La Fondazione Friuli sostiene la formazione: al Convitto “Paolo Diacono” progetti per l’innovazione tecnologica e le modalità didattiche

La Fondazione Friuli sostiene la formazione dei giovani attraverso il supporto a progetti specifici rivolti all’innovazione tecnologica e alla didattica. In particolare, i licei delle Scienze Umane e Linguistico annessi al Convitto nazionale “Paolo Diacono” di Cividale del Friuli hanno usufruito di un importante finanziamento concesso dalla Fondazione Friuli per l’implementazione dell'innovazione tecnologica e per l’ottimizzazione delle modalità didattiche.

I fondi sono stati utilizzati per sostenere tre tipologie di interventi. Si parte con la realizzazione del laboratorio di didattica montessoriana, che è il primo laboratorio di questo tipo in regione e che rende l'insegnamento delle scienze umane più completo ed efficace. Il secondo comprende l'allestimento di una stanza dedicata al rilassamento per studenti con disabilità neurologica, in modo da poter disporre di un ambiente più accogliente e realizzato su misura, per soddisfare le esigenze degli studenti ma anche dei docenti, di sostegno e non solo, che in questo modo possono lavorare in un contesto più sicuro e consono alle necessità educative.

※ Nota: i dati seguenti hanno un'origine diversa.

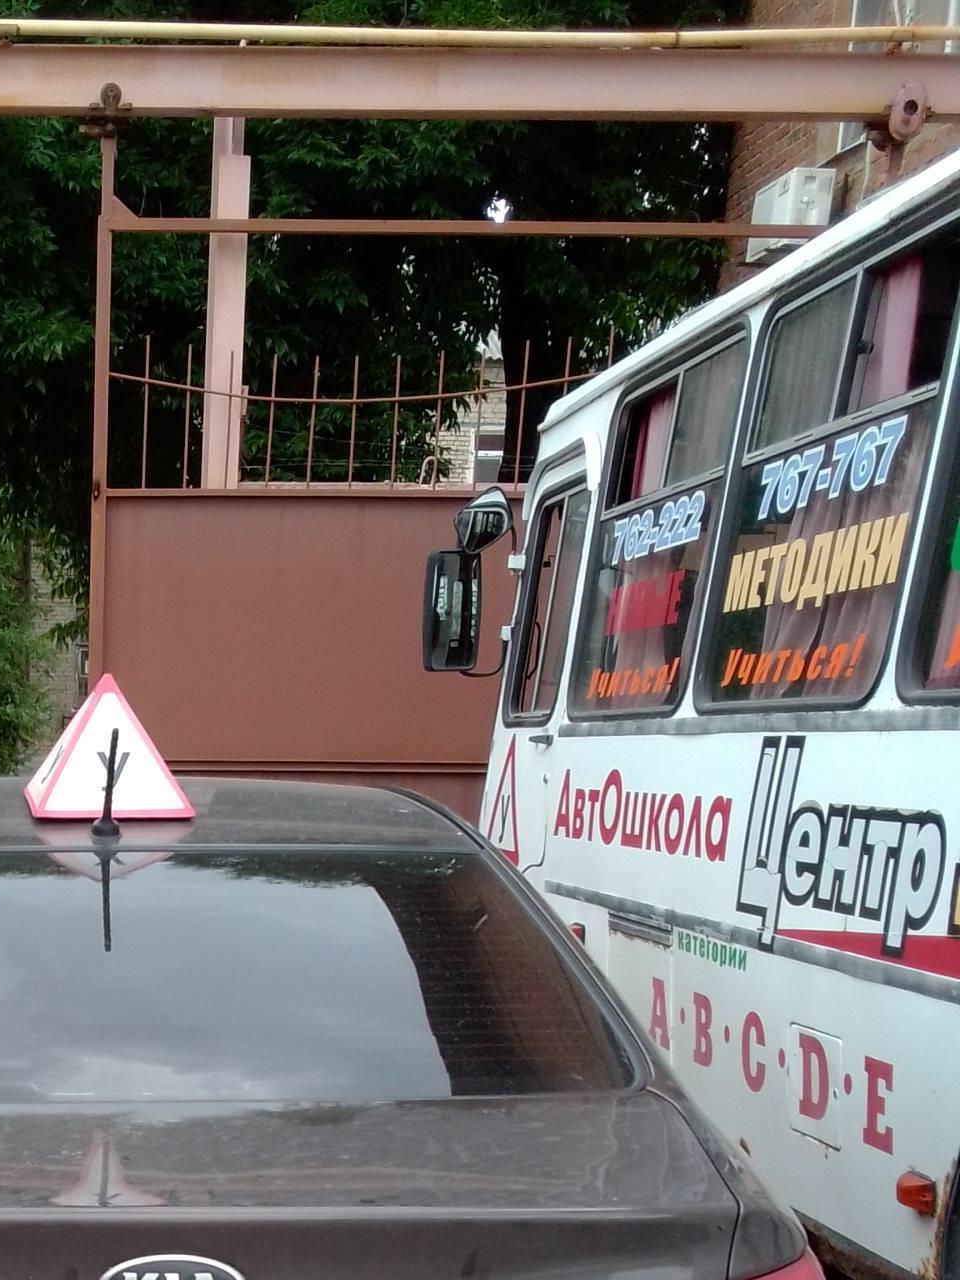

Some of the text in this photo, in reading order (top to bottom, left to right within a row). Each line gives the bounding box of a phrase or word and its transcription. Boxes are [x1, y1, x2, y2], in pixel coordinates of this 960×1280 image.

[757, 415, 908, 521] 767-767
[611, 490, 706, 567] 762-222
[722, 512, 909, 614] МЕТОДИКИ
[735, 735, 947, 960] Центр
[676, 930, 749, 973] категории
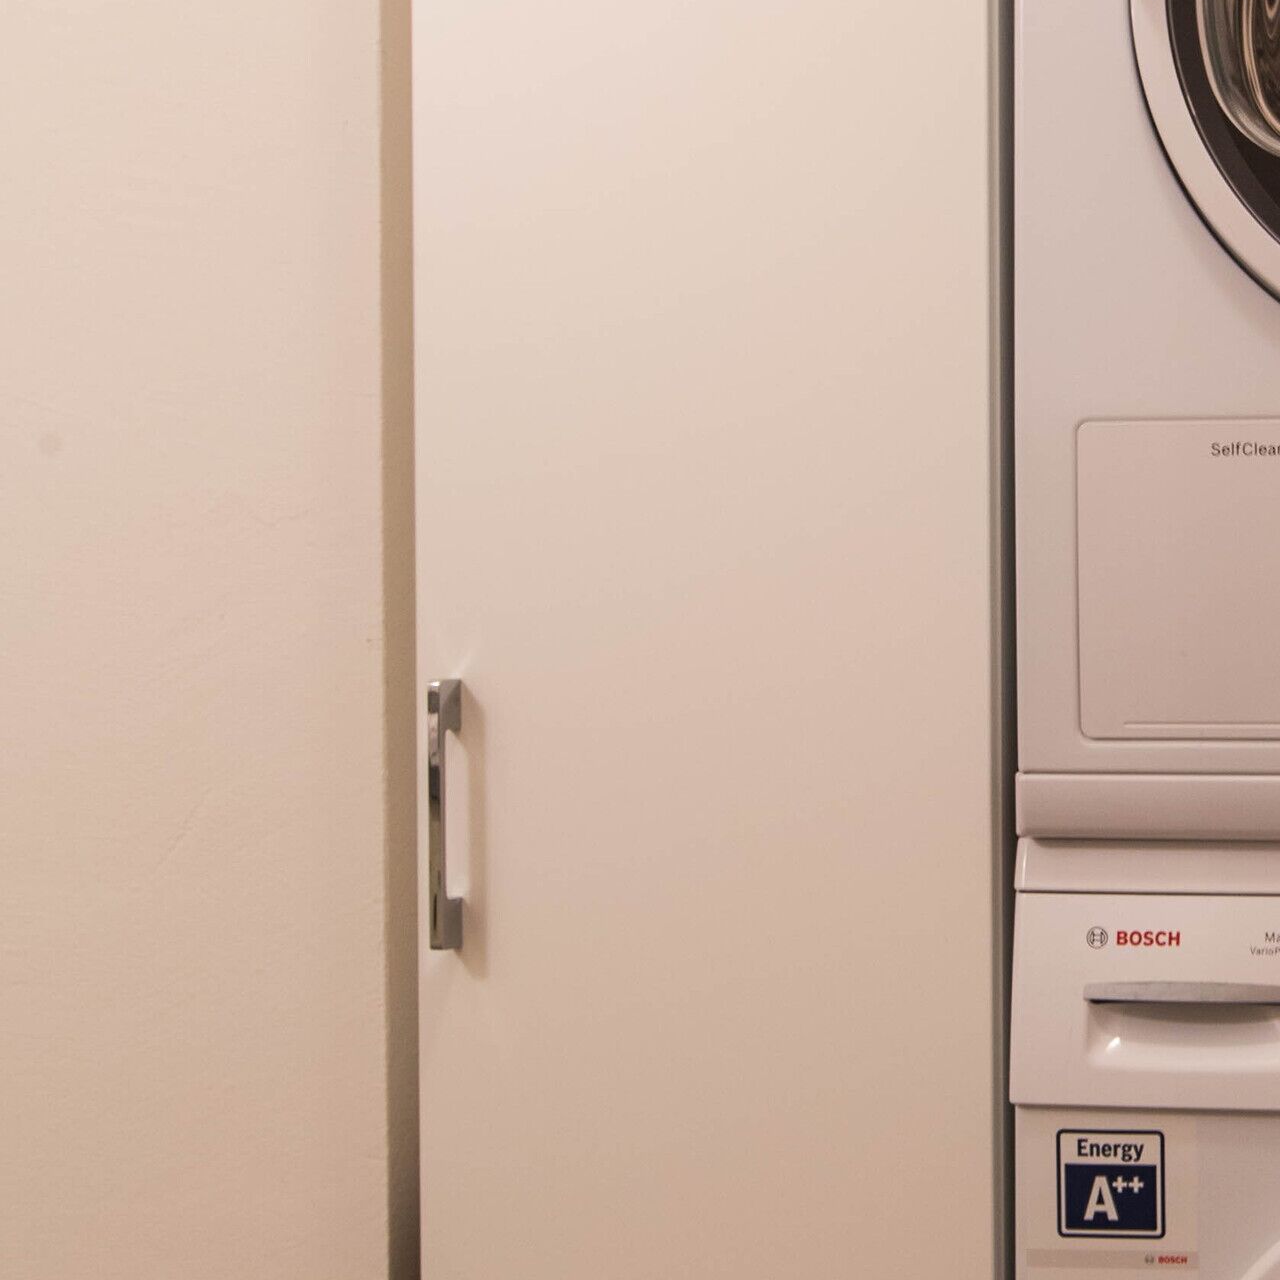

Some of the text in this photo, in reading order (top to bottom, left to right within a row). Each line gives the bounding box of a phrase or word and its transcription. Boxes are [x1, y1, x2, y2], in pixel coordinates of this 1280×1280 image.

[1116, 931, 1181, 946] BOSCH
[1077, 1138, 1144, 1162] Energy
[1083, 1175, 1145, 1221] A++
[1158, 1255, 1188, 1265] BOSCH

Infine, il terzo progetto è relativo alla fornitura di nuova attrezzatura informatica, digitale, multimediale ed audio a supporto della didattica, che permette di essere al passo coi tempi dell'innovazione tecnologica, ramo nel quale i licei del Convitto nazionale “Paolo Diacono” sono sempre stati all'avanguardia.

Il referente del progetto Professor Alfio Marini, coordinatore dei Licei Linguistico e Scienze Umane, ha osservato: “Con questi interventi innovativi, i licei annessi al Convitto nazionale confermano l'attenzione verso gli studenti con difficoltà e verso l'innovazione tecnologica, due aspetti che hanno contribuito al successo che i licei delle Scienze Umane e Linguistico, annessi al convitto Paolo Diacono di Cividale, ma con sede a San Pietro al Natisone, stanno riscuotendo ormai da anni.”